[Extracted data entries]

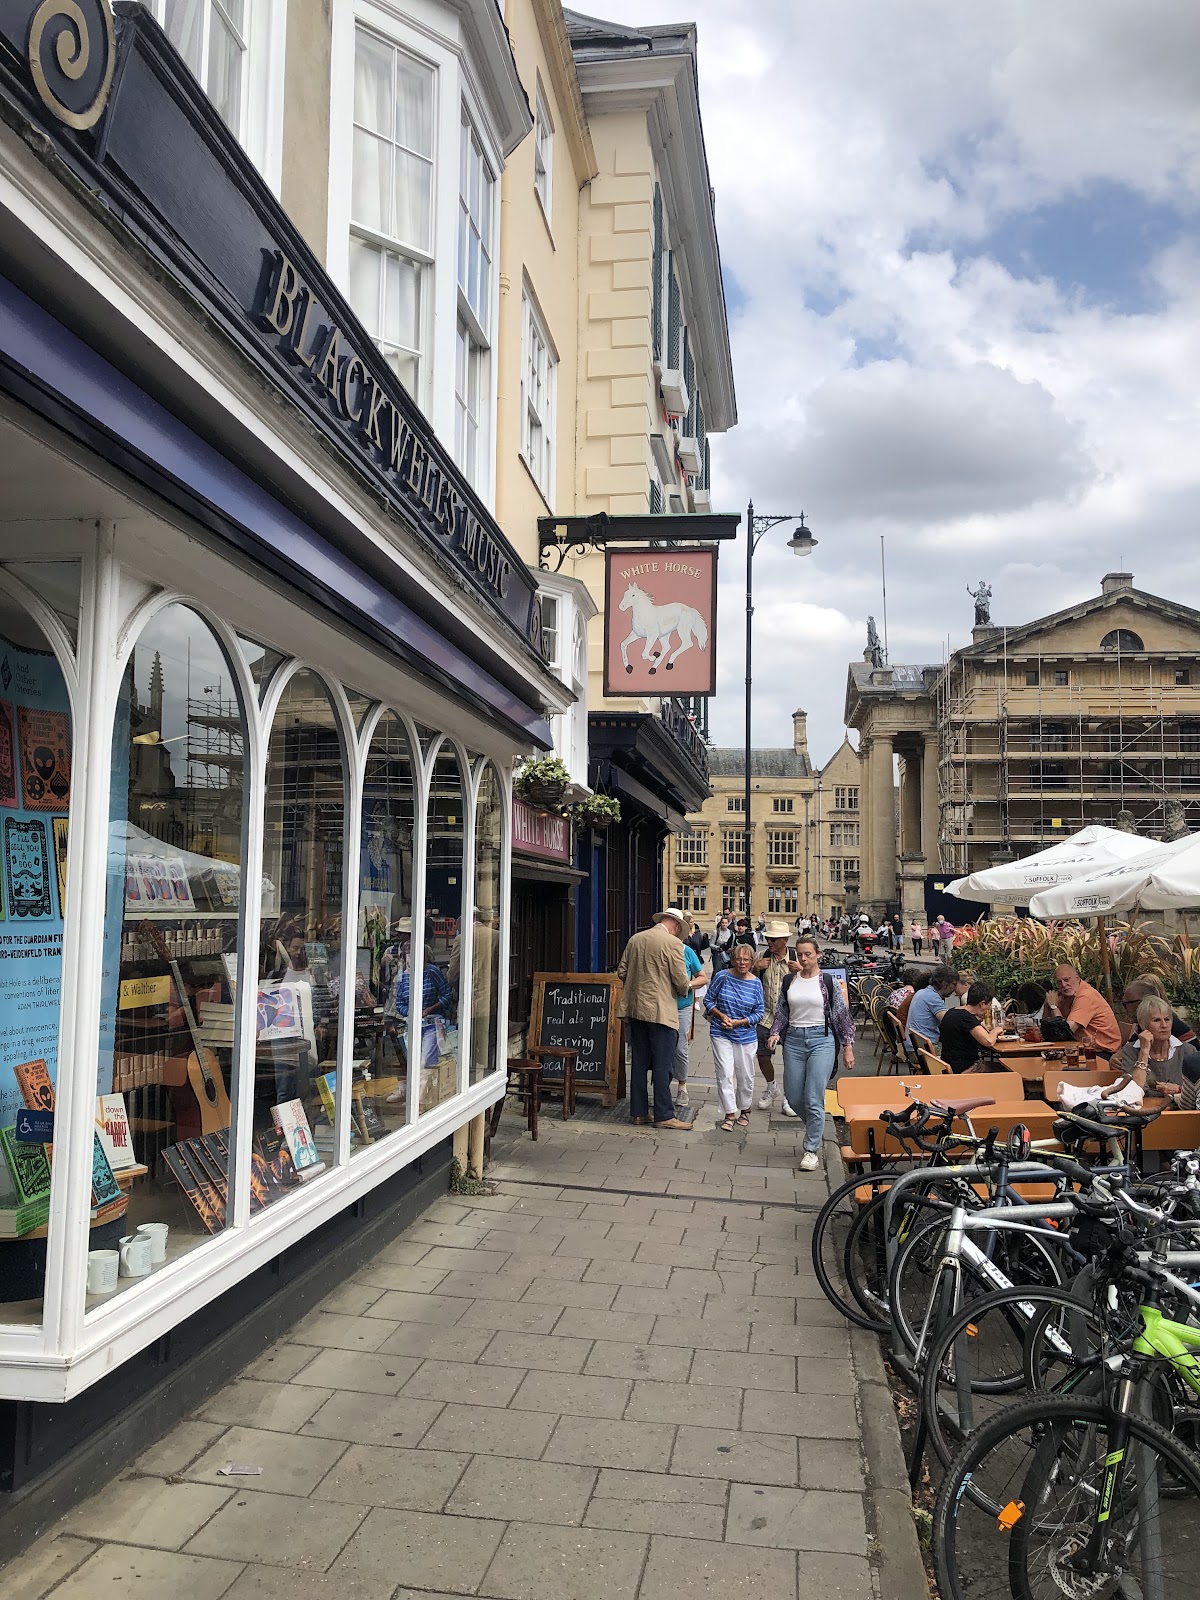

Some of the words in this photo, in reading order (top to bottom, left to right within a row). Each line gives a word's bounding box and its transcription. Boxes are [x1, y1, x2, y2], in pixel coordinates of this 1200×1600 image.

[264, 249, 458, 537] BLACKWELL'S
[460, 522, 512, 600] MUSIC
[620, 563, 660, 580] WHITE
[664, 562, 702, 580] HORSE
[16, 662, 29, 674] And
[16, 673, 37, 686] Other
[16, 684, 42, 697] Stories
[514, 803, 540, 846] WHITE
[543, 815, 564, 852] HORSE
[1076, 897, 1097, 907] SUFFOLK
[3, 935, 12, 944] FOR
[14, 935, 23, 944] THE
[23, 934, 53, 944] GUARDIAN
[32, 975, 61, 986] delibera
[37, 987, 44, 997] of
[123, 984, 130, 997] &
[131, 982, 157, 995] Walther
[548, 988, 607, 1006] Traditional
[546, 1009, 565, 1025] real
[568, 1009, 584, 1024] ale
[590, 1007, 607, 1030] pub
[9, 1025, 24, 1036] about
[26, 1023, 57, 1033] innocence,
[22, 1037, 34, 1047] drug
[549, 1034, 595, 1056] Serving
[543, 1057, 566, 1071] ocal
[575, 1055, 602, 1072] beer
[105, 1105, 124, 1113] down
[105, 1121, 127, 1136] RABBIT
[112, 1134, 128, 1148] HOLE

(Goal of the exercise) Skipping any images, write out all the data exactly.

(Problem solution)
Some of the words in this photo, in reading order (top to bottom, left to right within a row). Each line gives a word's bounding box and its transcription. Boxes are [x1, y1, x2, y2], in pixel coordinates of this 1200×1600 image.

[264, 249, 458, 537] BLACKWELL'S
[460, 522, 512, 600] MUSIC
[620, 563, 660, 580] WHITE
[664, 562, 702, 580] HORSE
[16, 662, 29, 674] And
[16, 673, 37, 686] Other
[16, 684, 42, 697] Stories
[514, 803, 540, 846] WHITE
[543, 815, 564, 852] HORSE
[1076, 897, 1097, 907] SUFFOLK
[3, 935, 12, 944] FOR
[14, 935, 23, 944] THE
[23, 934, 53, 944] GUARDIAN
[32, 975, 61, 986] delibera
[37, 987, 44, 997] of
[123, 984, 130, 997] &
[131, 982, 157, 995] Walther
[548, 988, 607, 1006] Traditional
[546, 1009, 565, 1025] real
[568, 1009, 584, 1024] ale
[590, 1007, 607, 1030] pub
[9, 1025, 24, 1036] about
[26, 1023, 57, 1033] innocence,
[22, 1037, 34, 1047] drug
[549, 1034, 595, 1056] Serving
[543, 1057, 566, 1071] ocal
[575, 1055, 602, 1072] beer
[105, 1105, 124, 1113] down
[105, 1121, 127, 1136] RABBIT
[112, 1134, 128, 1148] HOLE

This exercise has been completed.